A cardinal from the United States, Sean O ‘Malley, was appointed the head of the Pontifical Commission for the Protection of Minors.
The 16-member international commission has representatives from the United States, Britain, Australia, the Netherlands, Ethiopia, India, Italy, Tonga, Germany, Brazil, Poland, South Africa, the Philippines, and Zambia, as well as victims of sexual abuse.
The commission’s original three-year mandate expired in December, BBC reported. The Pope’s move to renew it comes weeks after he was criticised, during his trip to Chile in January, for defending a bishop accused of covering up crimes against minors. “There is not a single piece of proof against Bishop Juan Barros,” the Pope had said. “Everything is slander. Is this clear?”

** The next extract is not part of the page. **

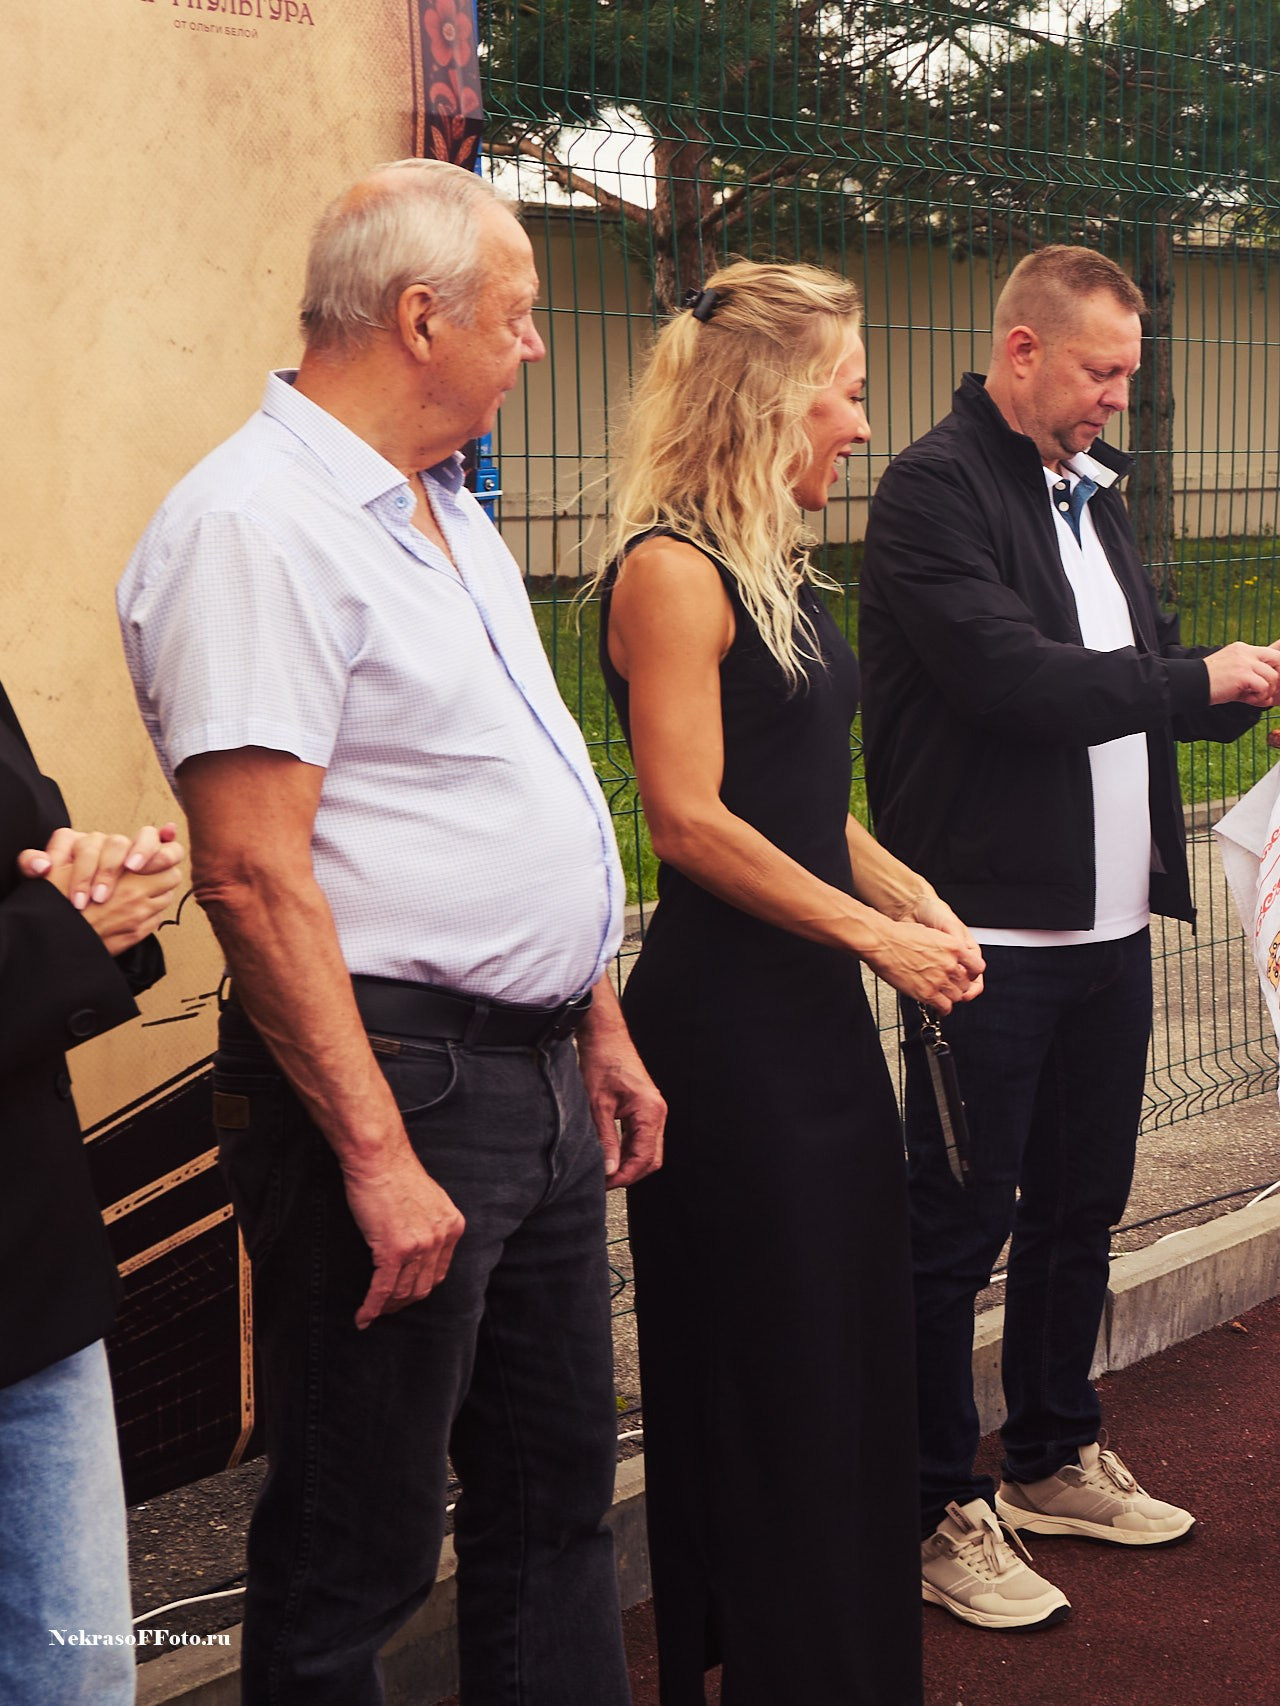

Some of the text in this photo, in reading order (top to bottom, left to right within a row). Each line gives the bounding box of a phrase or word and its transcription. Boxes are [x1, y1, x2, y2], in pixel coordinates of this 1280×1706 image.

[174, 19, 259, 39] ОТ ОЛЬГИ БЕЛОЙ
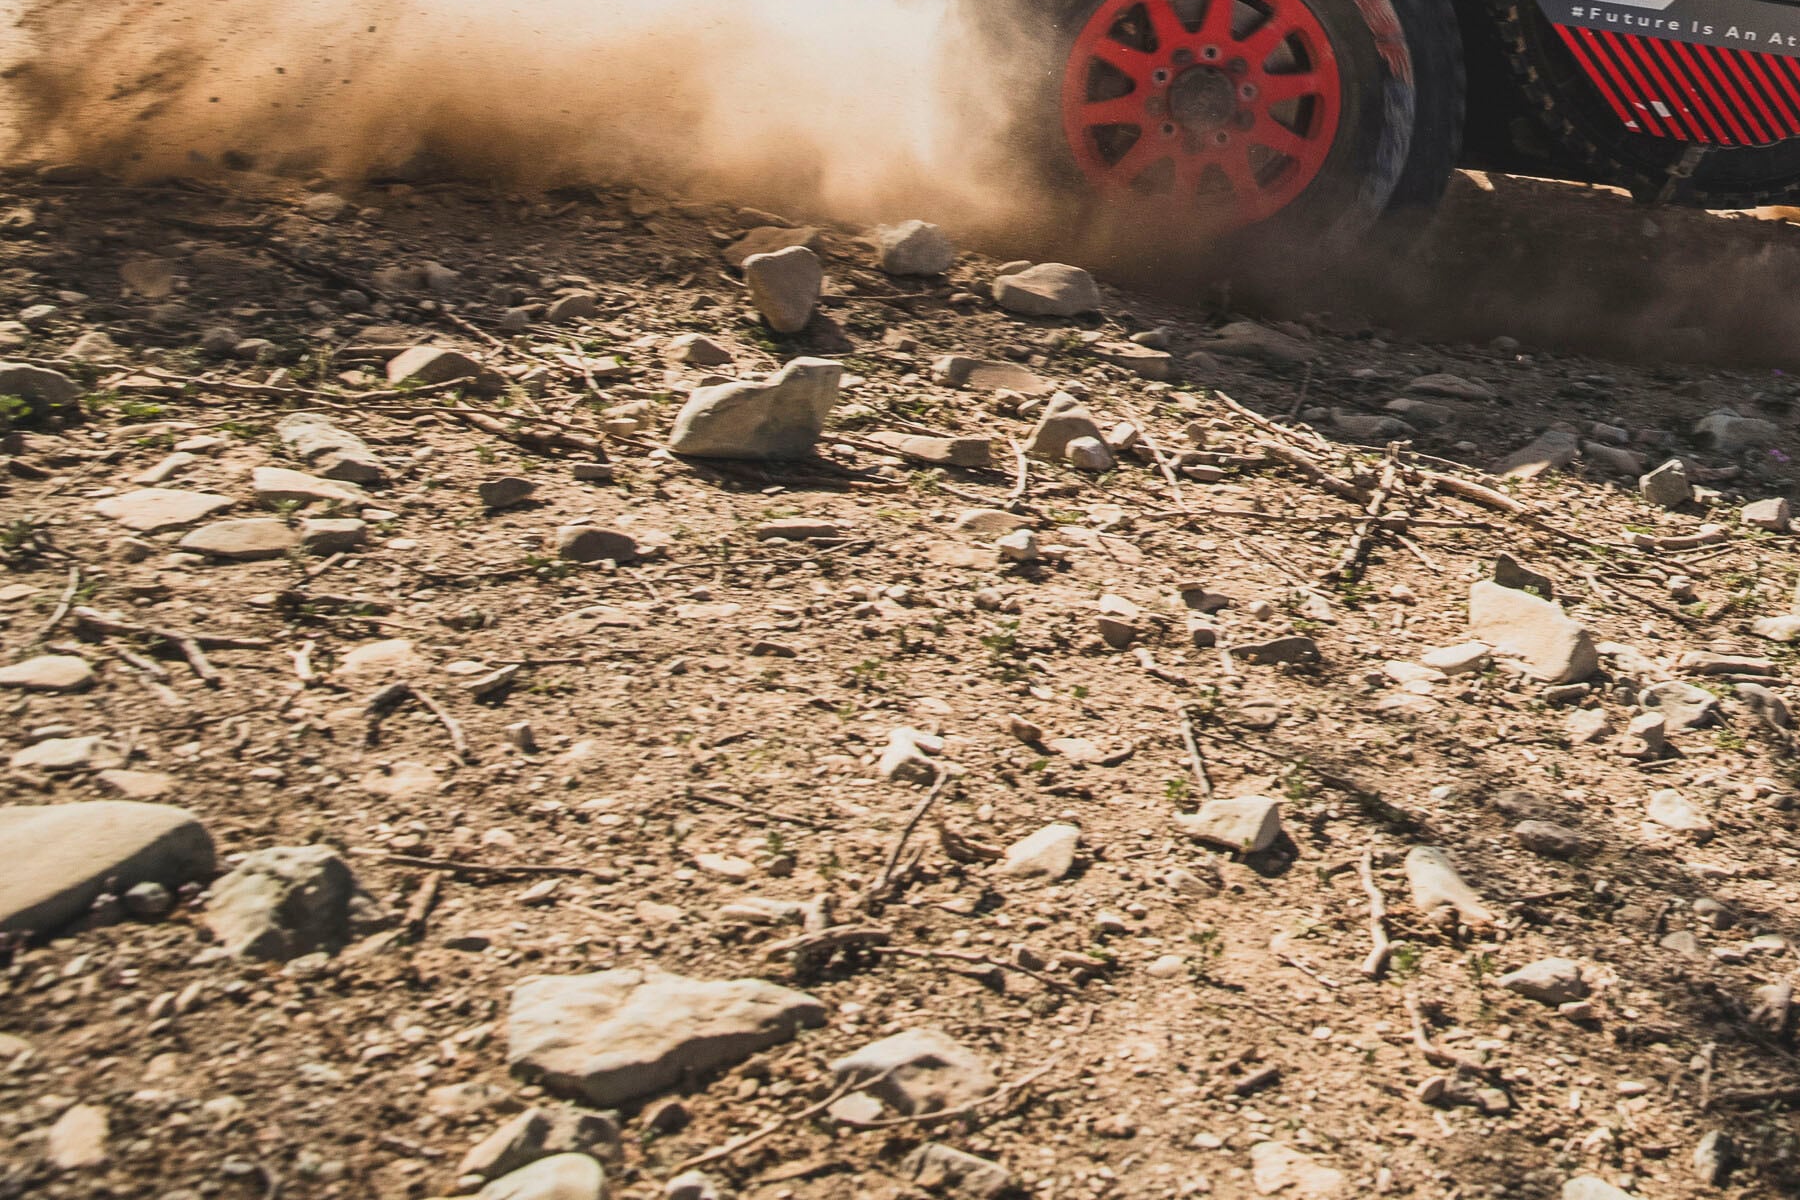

Soon after, however, the Pope apologised, publicly sought forgiveness for the rape and molestation of children by priests in Chile and appointed the Church’s most experienced sexual abuse investigator, Archbishop Charles Scicluna of Malta, to look into the accusations that Barros had covered up crimes against minors.
On Saturday, Archbishop Scicluna met Juan Carlos Cruz, who said he was sexually abused when he was a teenager in Chile, Reuters reported.
The commission also plans to create a group of victims of sexual abuse, the International Survivor Advisory Panel, which will offer consultations on “abuse prevention from the survivor’s perspective”.